The paper, “Dental Microwear and Diet of the Plio-Pleistocene Hominin Paranthropus boisei,” is authored by Peter Ungar, Frederick Grine, and Mark Teaford. Brian, from Laelaps, has written up a very excellent and thorough review of the research. You should check that out.

Why did the authors look at dental microwear on the surface of the teeth? They explain that dental microwear offers direct evidence of the mechanical properties of food item, and that makes a lot of sense. During mastication, the food an organism eats abrades with the surface of the teeth. The texture of the food may scratch and dent teeth, especially if really hard foods like nuts, roots, and tubers are chewed. Likewise, softer foods affect teeth less.

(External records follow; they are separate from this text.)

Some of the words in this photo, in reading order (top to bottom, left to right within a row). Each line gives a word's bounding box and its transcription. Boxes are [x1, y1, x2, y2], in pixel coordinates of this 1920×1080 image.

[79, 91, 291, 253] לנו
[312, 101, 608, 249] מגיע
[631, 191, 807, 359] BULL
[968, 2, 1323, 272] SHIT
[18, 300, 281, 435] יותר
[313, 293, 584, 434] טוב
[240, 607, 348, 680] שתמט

Based upon the size and morphology of Paranthropus boisei teeth, many previous researchers thought they ate tough foods. Hell, the type specimen for P. boisei has been nicknamed “Nutcracker Man.” They have saggital crests similar to gorillas They also have very large teeth with thick layers of enamel. Coupled with the massive jaws, many people thought that P. boisei consumed really dense, fibrous plants.

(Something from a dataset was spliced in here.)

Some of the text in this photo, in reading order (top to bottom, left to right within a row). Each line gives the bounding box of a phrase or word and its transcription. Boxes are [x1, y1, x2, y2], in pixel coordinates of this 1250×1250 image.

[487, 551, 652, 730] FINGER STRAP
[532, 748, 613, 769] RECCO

As I’ve said, the results of the microwear analysis indicates that P. boisei did not eat the hard abrasive foods that we thought they did. Using a confocal microscope, engineering software and scale-sensitive fractal analysis the authors analyzed the around 54 molars from seven specimens of P. boisei. These seven specimens came from different areas, Ethiopia, Kenya, and Tanzania, respectively. Also, these specimens cover over 1 million year of P. boisei existence. Any similarities or differences in the microwear on P. boisei teeth from these temporally and spatially different locations woulda screened out variations in diet reflected to time or environment.

For your viewing pleasure, the authors provided this photograph of detailing the degree of microwear of the teeth of the seven different specimens.

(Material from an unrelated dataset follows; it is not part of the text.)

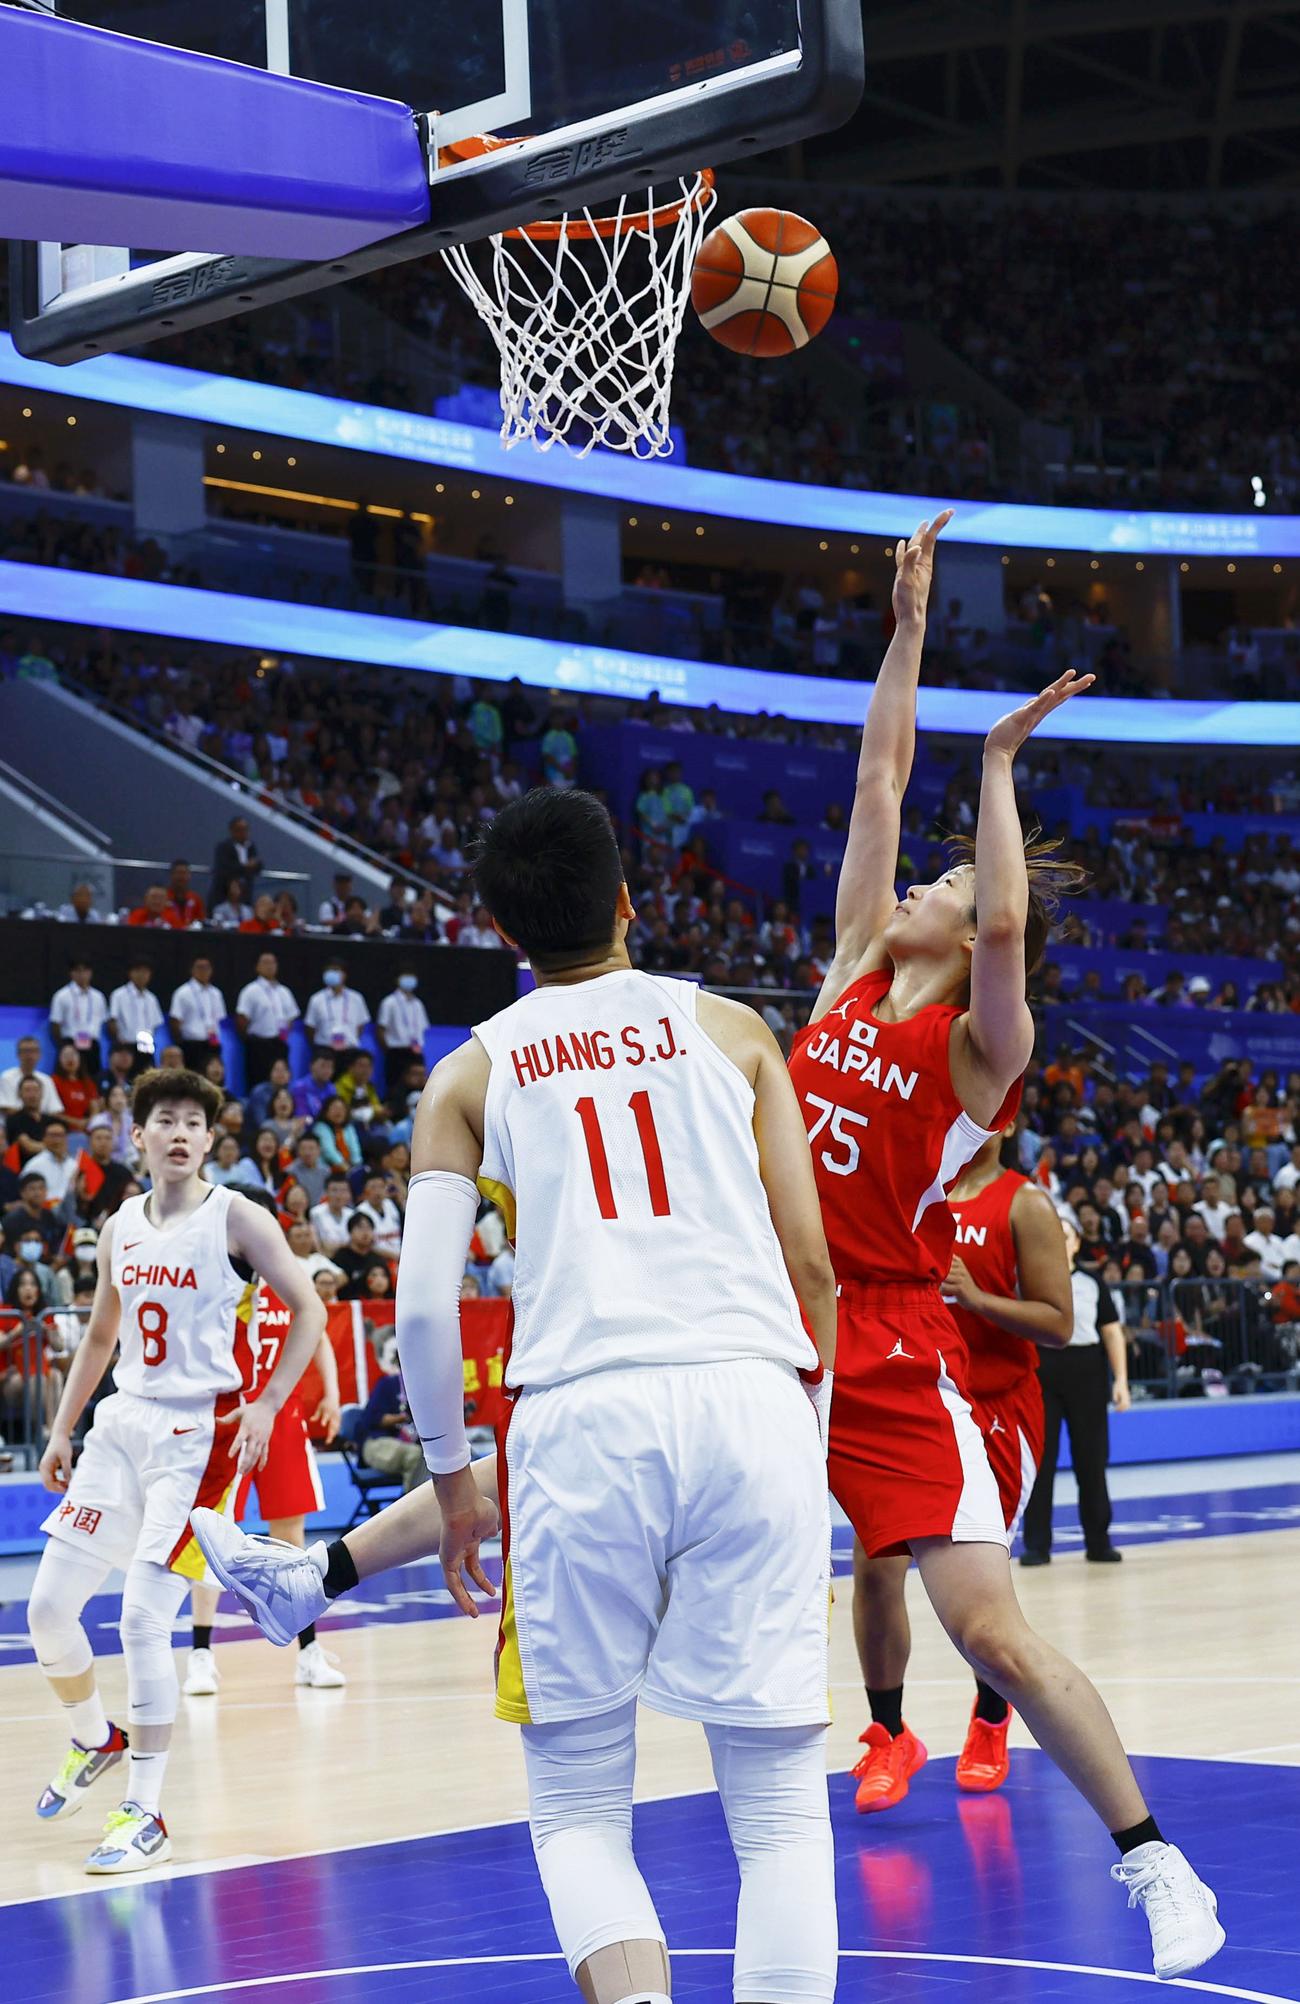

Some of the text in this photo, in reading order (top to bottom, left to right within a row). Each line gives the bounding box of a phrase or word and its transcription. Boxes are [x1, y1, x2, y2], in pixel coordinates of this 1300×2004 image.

Here’s the legend: (A) KNM-CH 1, (B) KNM-ER 729, (C) KNM-ER 3230, (D) KNM-ER 3952, (E) KNM-WT 17400, (F) OH 5, (G) Omo L7A-125. Clearly you see scratches…

… But what Ungar et al. were looking for was the degree, complexity and directionality of wear textures. Again, hard, brittle foods like nuts and seeds tend to lead to more complex tooth profiles, while tough foods like leaves lead to more parallel scratches, which corresponds with directionality. Comparisons of the the dental microwear profiles of P. boisei to the microwear profiles of extant primates indicates they didn’t eat the same type of foods. Grey-cheeked mangabeys and brown capuchins sometimes rely on hard nuts or palm fronds, as do the mantled howling monkey and silvered leaf monkey. Also included in the comparison was microwear analysis on teeth of Australopithecus africanus.

The P. boisei teeth show light wear, suggesting that none of the individuals ate extremely hard or tough foods in the days leading up to death. The microwear patterns are more consistent with modern-day fruit-eating animals than with most modern-day primates. This conclusion is a fundamental shift in the way we think about the diets of early hominins.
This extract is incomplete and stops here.